If (which I accept is at this stage an assumption) the tests set by Baker J are met as to the completion of the relevant further steps, then D’s legal capacity to choose – and pay for – highly experimental stem treatment will have been secured on an equivalent basis to a person without cognitive impairment. In the process, the ‘system’ will have responded to the support being given to D by his mother – and in so doing carefully identified whether this can properly be characterised as support rather than undue influence. In constructing a decision for him, which, legally, will be his decision given the terms of s.16 MCA 2005, the system will further have recognised the clear and consistent wish of D to undergo the treatment, notwithstanding that this came from the other side of the mental capacity line drawn in the Act. This wish will have been used as the start, and indeed, end point of the process of the construction of the decision, a process which also included the type of interrogation of risks and benefits that an ‘ordinary’ patient would undertake, but which the effect of D’s brain injury made it difficult (or impossible) for him to do. The decision that will be made on his behalf – and in his name – will enable D to travel to, pay for and receive treatment at the clinic in Belgrade as if he lacked any form of cognitive impairment.

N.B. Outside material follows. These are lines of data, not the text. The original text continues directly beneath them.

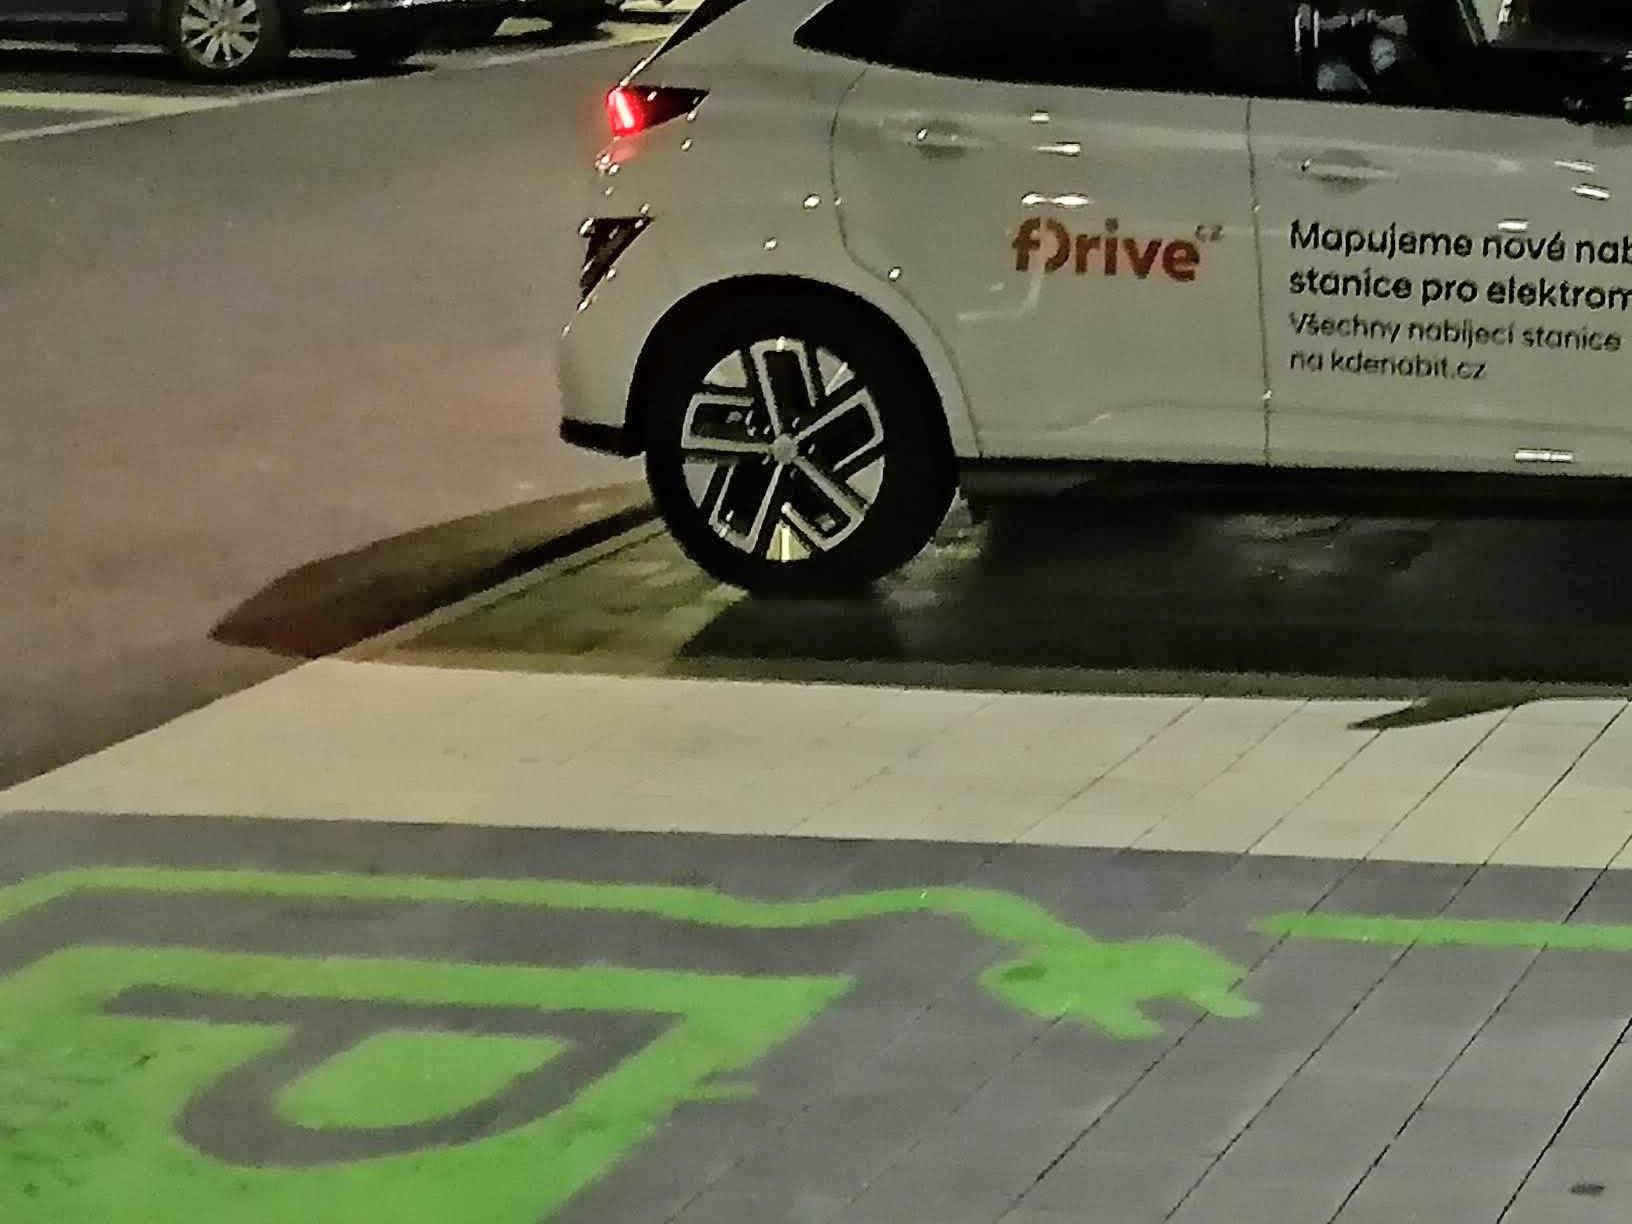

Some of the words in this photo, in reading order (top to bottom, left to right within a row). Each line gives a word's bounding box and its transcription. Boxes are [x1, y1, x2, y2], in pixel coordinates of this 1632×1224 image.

[1012, 217, 1201, 283] fDrive
[1290, 219, 1473, 260] Mapujeme
[1482, 231, 1567, 264] nové
[1289, 267, 1413, 299] stanice
[1421, 278, 1479, 307] pro
[1289, 311, 1402, 344] Všechny
[1522, 322, 1622, 352] stanice
[1290, 349, 1324, 372] na
[1330, 345, 1487, 380] kdenabit.cz
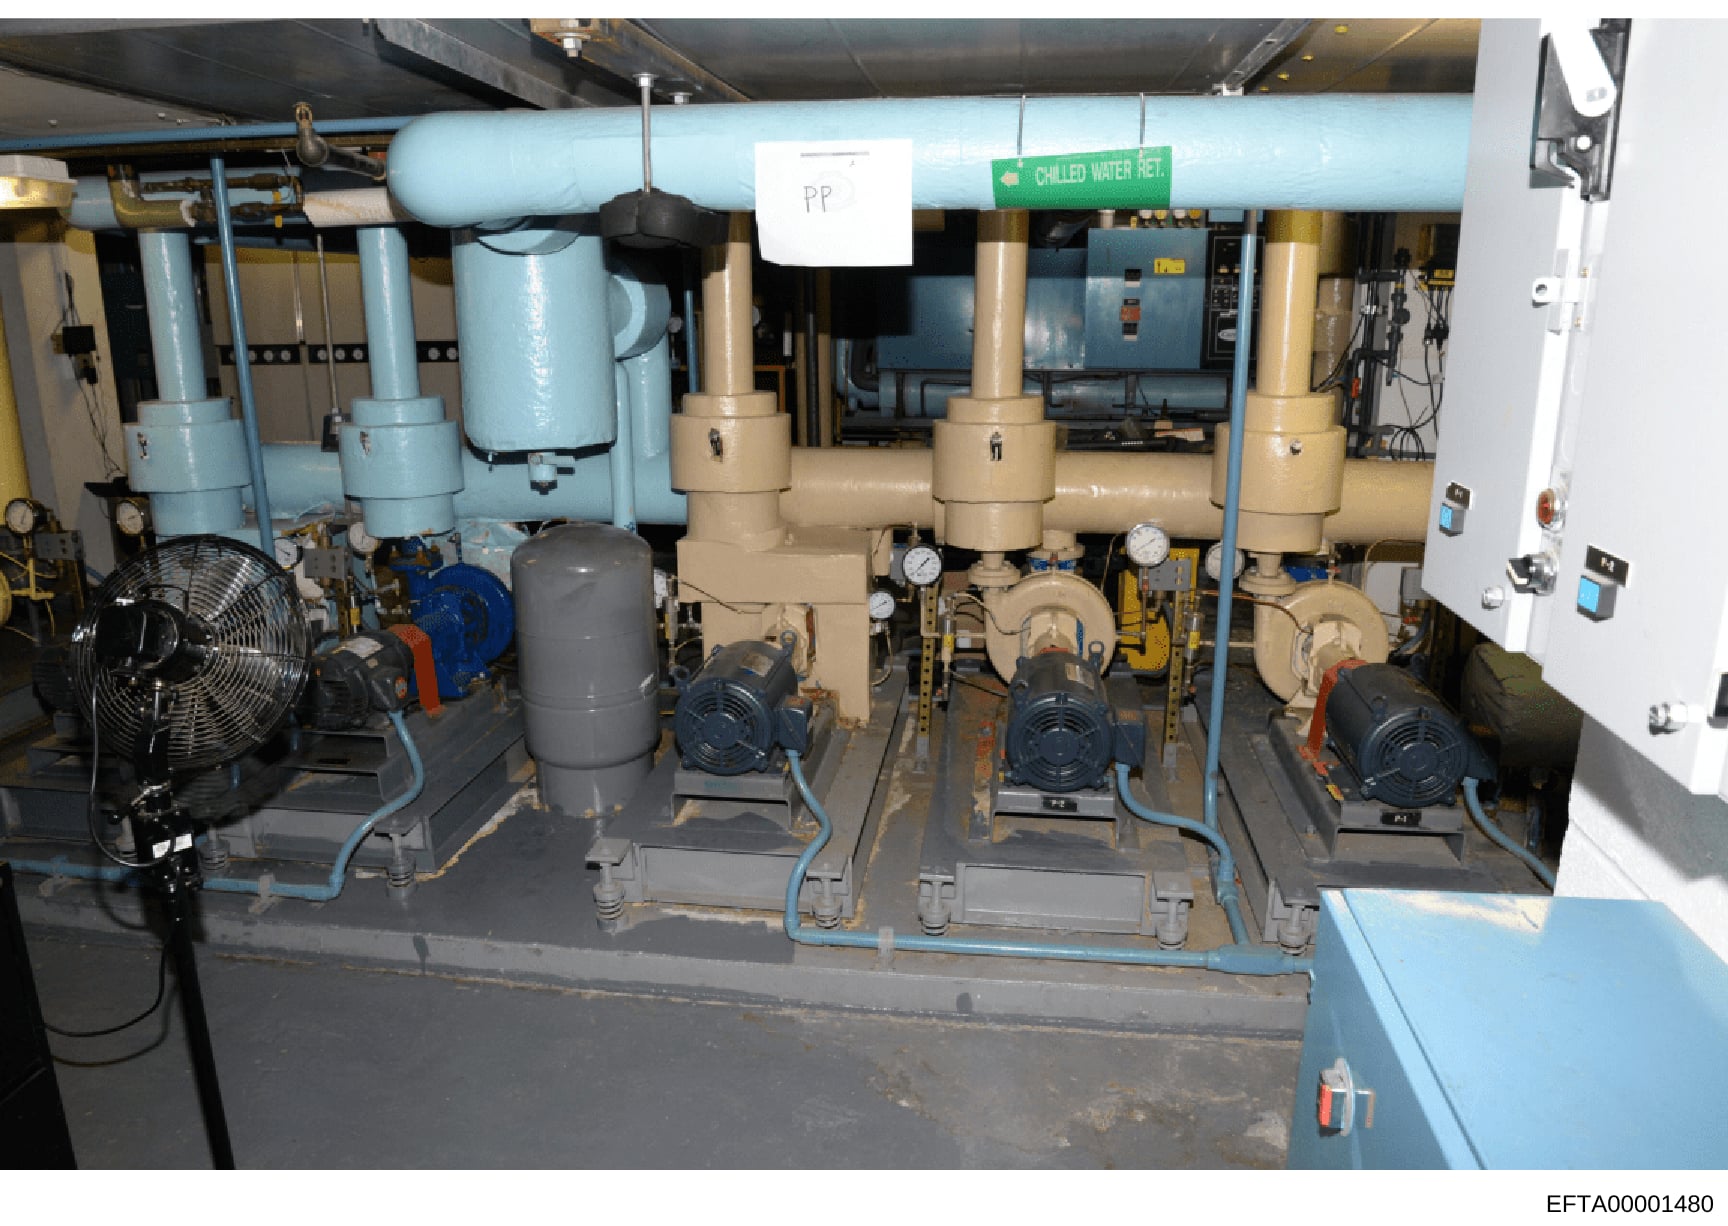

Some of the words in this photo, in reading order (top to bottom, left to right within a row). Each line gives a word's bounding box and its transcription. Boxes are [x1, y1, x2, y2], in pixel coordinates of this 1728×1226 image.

[1035, 164, 1086, 185] CHILLED
[1091, 159, 1131, 182] WATER
[1138, 157, 1165, 178] RET.
[803, 185, 832, 213] PP
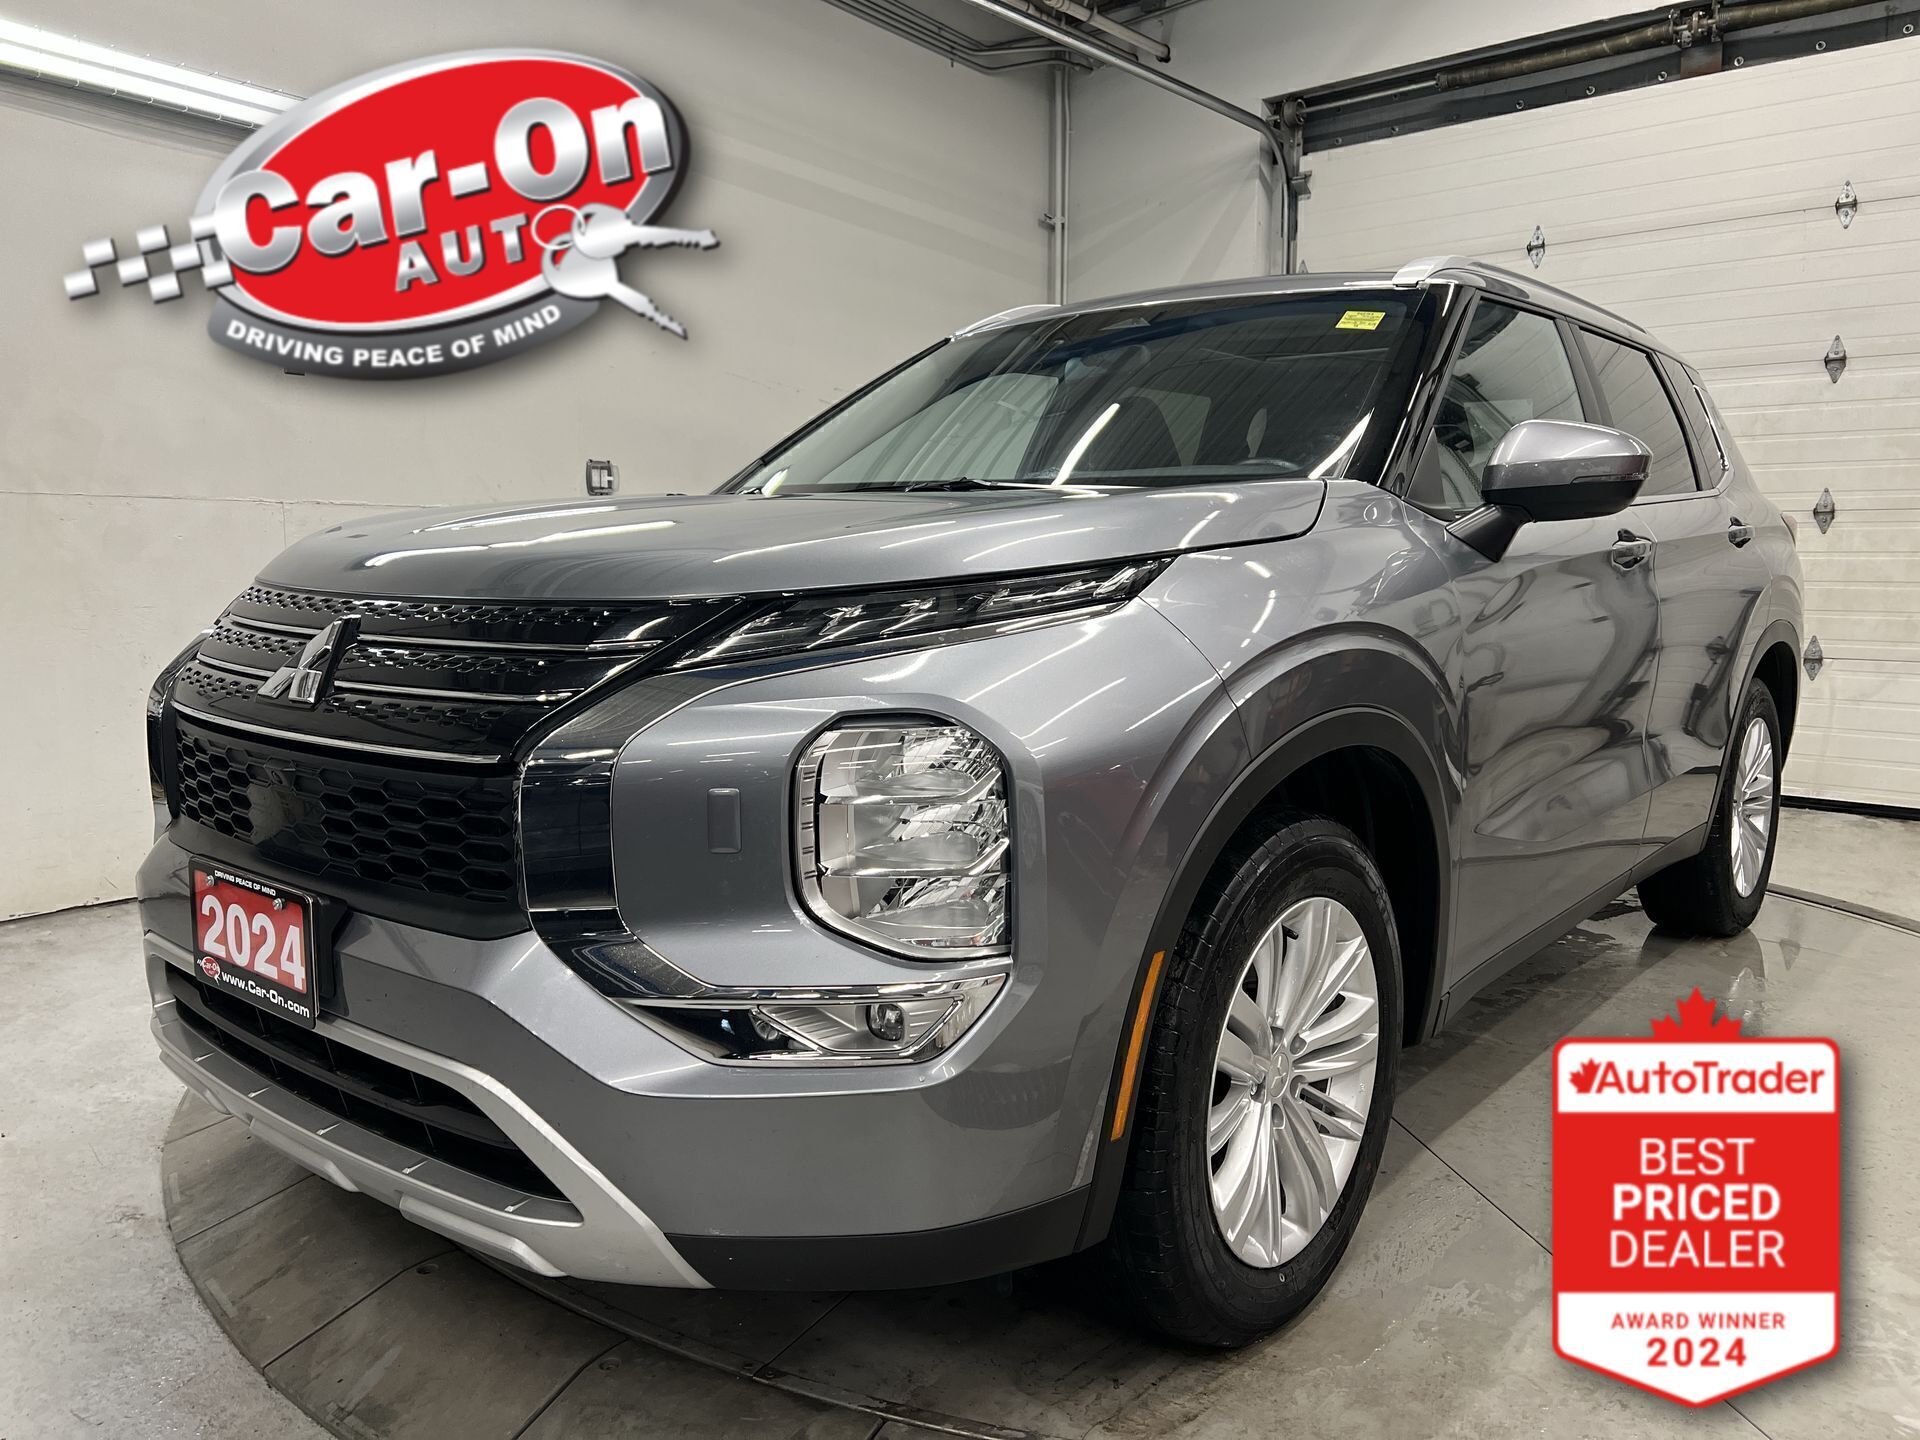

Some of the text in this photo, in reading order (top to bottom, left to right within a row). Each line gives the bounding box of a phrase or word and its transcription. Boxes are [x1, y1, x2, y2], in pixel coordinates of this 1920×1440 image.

This is, of course, all forbidden substituted decision-making under the terms of General Comment 1. For my part, however, it seems to me that this can equally properly be characterised as the taking of measures responding to D’s cognitive impairments to support the exercise of his legal capacity. Critically, these are measures which fully respect his autonomy, rights, will and preferences (to use the phrase from the Committee’s concluding observations at para 30(b), adding ‘autonomy’ to the concepts of ‘rights, will and preferences,’ enshrined in Article 12(4)). It therefore seems to me that cases such as this challenge assumptions contained in the General Comment/Concluding Observations just as much as cases such as DD’s should challenge those in the ‘system’ here to justify draconian interventions contrary to the wishes and feelings of the individual concerned.
Finally, I will also use this opportunity to plug an excellent work for those who might want to think more about what ‘autonomy’ might or should mean in this context, and also about how relationships can harm or – as here – support the autonomy of individuals with impairments. Mental Capacity in Relationship: Dialogue, Decision-Making and Autonomy by Camillia Kong takes a detailed, interdisciplinary look, at these tricky issues, zooming the lens out from a narrow focus on the capacity/incapacity divide to examine why and how (and with what skills) we can justify intervening into disabling relationships and the skills and practices that are required to respond to the needs of individuals with impairments. And for those who want to see how this could be translated even more directly into practice, watch this space for the guide for front-line professionals that she and I will be publishing next year based on this work.